(Free-text object descriptions)
::::
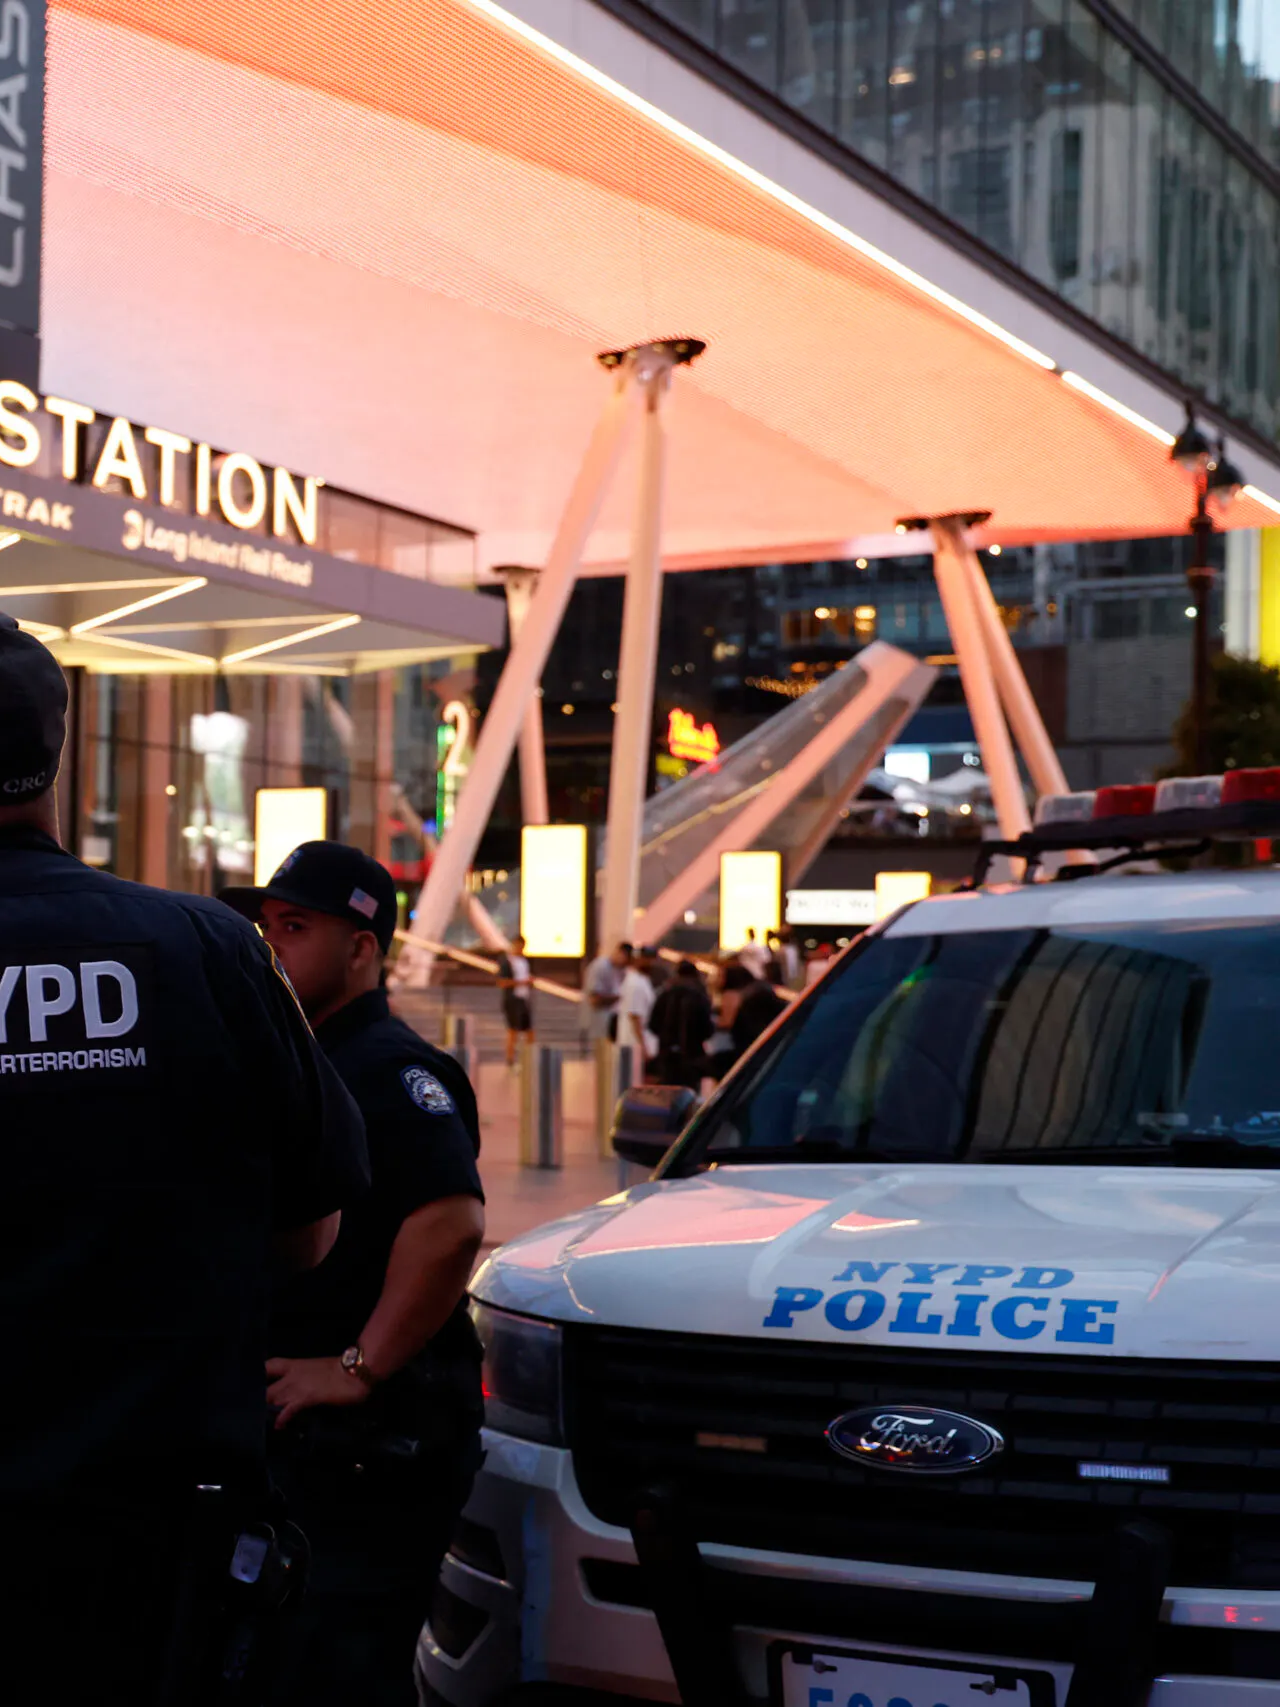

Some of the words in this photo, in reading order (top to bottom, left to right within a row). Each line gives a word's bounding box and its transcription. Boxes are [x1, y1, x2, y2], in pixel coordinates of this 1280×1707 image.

[144, 519, 188, 562] Long
[188, 530, 239, 567] Island
[239, 544, 272, 576] Rail
[271, 551, 312, 587] Road
[832, 1260, 1075, 1290] NYPD
[762, 1286, 1120, 1346] POLICE
[859, 1413, 957, 1454] Ford
::::
Set the records down again exactly, with no pictures.

Some of the words in this photo, in reading order (top to bottom, left to right within a row). Each line gives a word's bounding box and its transcription. Boxes are [x1, y1, x2, y2], in pixel coordinates of this 1280×1707 image.

[144, 519, 188, 562] Long
[188, 530, 239, 567] Island
[239, 544, 272, 576] Rail
[271, 551, 312, 587] Road
[832, 1260, 1075, 1290] NYPD
[762, 1286, 1120, 1346] POLICE
[859, 1413, 957, 1454] Ford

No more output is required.